In SCC there would appear to be no difference in the way matter and anti-matter react to the gravitational field. The differences are to be found when the internal pressure becomes significant. Actually photons obey the equivalence principle, it is slow moving particles that experience an upwards scalar field force, which decouples as the pressure increases to 1/3density c^2. Unless the internal pressure of anti-matter is different to that of ordinary matter there would be no difference. The false vacuum on the other hand experiences anti-gravity of 1/2g..makes you think...
Garth
I chewed on this question quite a while yesterday. Until then (as I posted above regarding black hole evaporation) I had assumed that ZPE particle-antiparticle masses and fall rates are essentially equivalent. It occurred to me though that if space-time (as expressed by the EM ZPE field) can be curved by matter, there should be a simple mechanism to cause the curvature. Going back to the basics (my automatic fall-back position, since I have to do all this in my head...duh), I considered what could be different about the matter-antimatter particles in virtual pairs that would align them in a gravitational field. I thought about the field of pairs flipping like magnets to their most entropic state (antimatter oriented toward the large mass, matter particles oriented away) using the "opposites attract" approach...:confused: That may ultimately be a proper model, but it left me wondering what would cause the "opposites attract" approach to work, aside from "force acting over a distance". That led me to the notion that the fall rate of antimatter in a gravitational field might be higher than that of matter. We really need a definitive test of the fall rate of antimatter - the CERN data were inconclusive.

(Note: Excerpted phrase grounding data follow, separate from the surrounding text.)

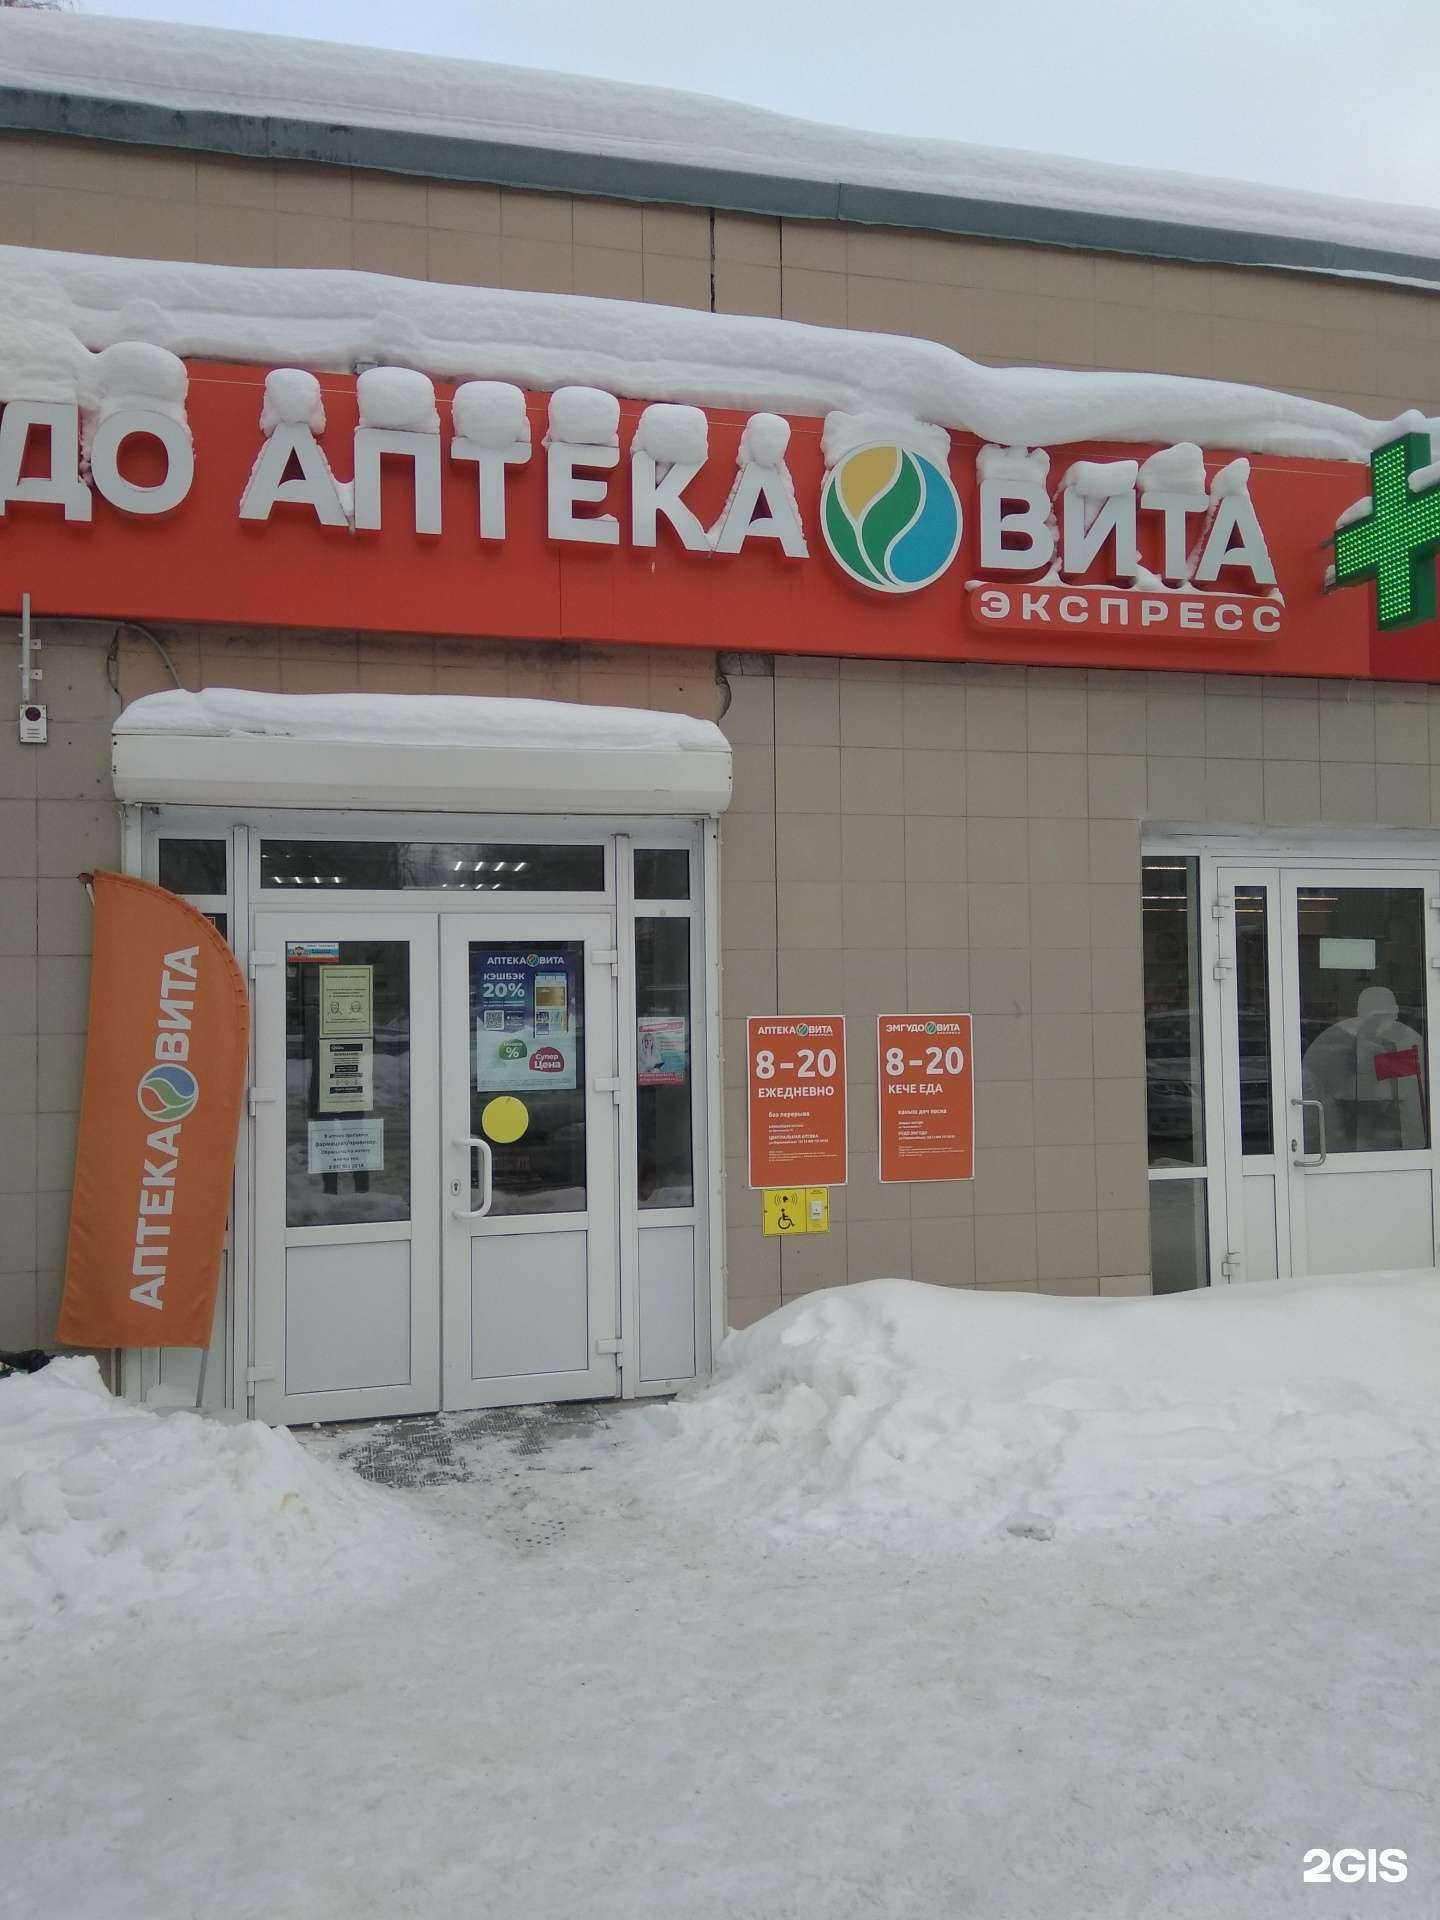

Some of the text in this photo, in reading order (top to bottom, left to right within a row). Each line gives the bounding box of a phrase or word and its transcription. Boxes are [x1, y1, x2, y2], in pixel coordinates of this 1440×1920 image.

[0, 399, 1276, 585] ДО АПТЕКА ВИТА
[979, 590, 1282, 633] ЭКСПРЕСС
[487, 956, 565, 965] АПТЕКА ВИТА
[483, 972, 526, 981] КЭШБЭК
[482, 982, 526, 998] 20%
[758, 1025, 833, 1035] АПТЕКА ВИТА
[886, 1023, 960, 1033] ЭМГУДО ВИТА
[535, 1053, 559, 1062] Супер
[534, 1061, 561, 1071] Цена
[758, 1085, 835, 1100] ЕЖЕДНЕВНО
[888, 1083, 944, 1096] КЕЧЕ ЕДА
[130, 945, 200, 1311] АПТЕКА ВИТА

That bit of asymmetry could polarize the ZPE field in the presence of large masses. It could perhaps explain a few other things. One implication for such virtual-pair alignment in the process of black hole "evaporation" would be that the black hole would capture more anti-particles than particles. That would result in more particles than anti-particles being promoted from virtual to "real" status outside the event horizon. After the inevitable (and very energetic) annihilation events near the event horizon, there would remain a net excess of new real particles to form matter (after they cooled from the ultra hot plasma state!). This is probably not going to be testable in any real sense, unless quasars are what we see when black holes behave this way.

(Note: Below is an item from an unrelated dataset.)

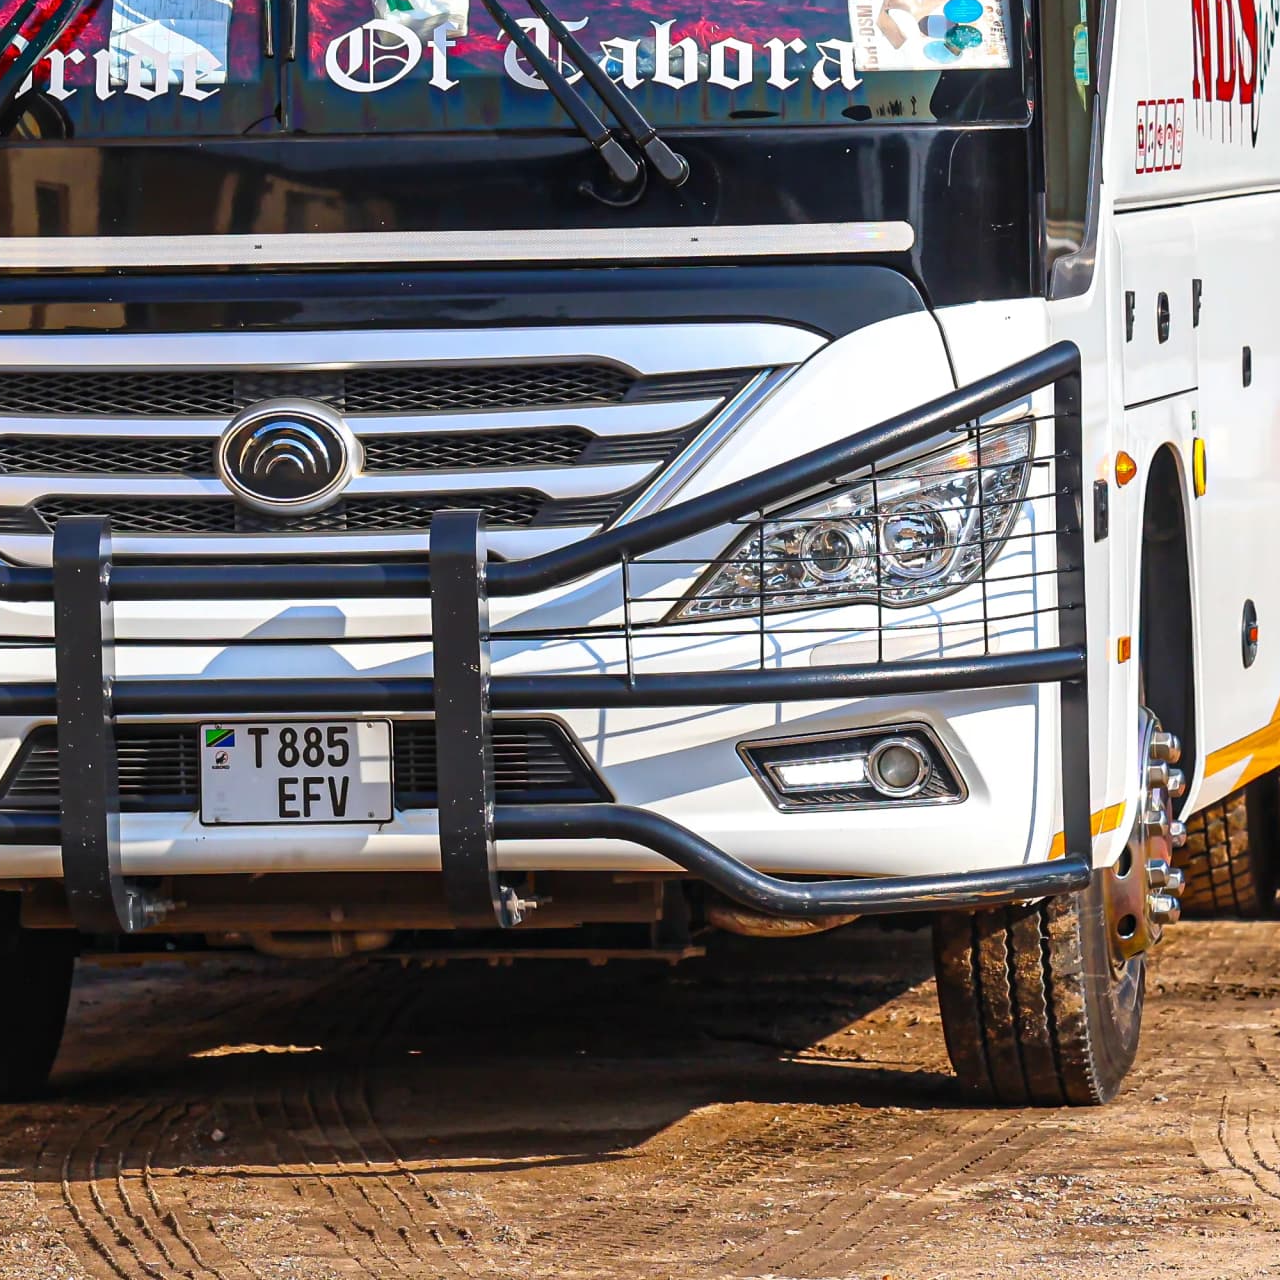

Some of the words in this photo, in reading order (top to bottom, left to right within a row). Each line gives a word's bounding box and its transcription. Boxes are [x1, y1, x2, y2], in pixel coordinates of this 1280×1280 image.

As an extension: We see matter all around us, not anti-matter. Assuming that the universe began with equal proportions of each, could this black-hole behavior be a model for how anti-matter and matter were separated? If so, beyond the event horizons of these massive objects would be domains dominated by anti-matter. Lee Smolin has described our Universe as one fine-tuned to produce black holes (a rational alternative to the anthropic principle!), and he speculated that a prospective inhabitant of the universe in a black hole would look out through his universe's past toward a singularity, much as we view our universe in standard cosmology. I can't find that paper, now, but I'm pretty certain he didn't cite a matter/antimatter selection effect. To go one step farther out on the limb :rolleyes: , these antimatter "universes" should all have equivalent black holes that preferentially eat matter, creating nice matter-rich pockets like the one we live in. Yep, it's turtles all the way down.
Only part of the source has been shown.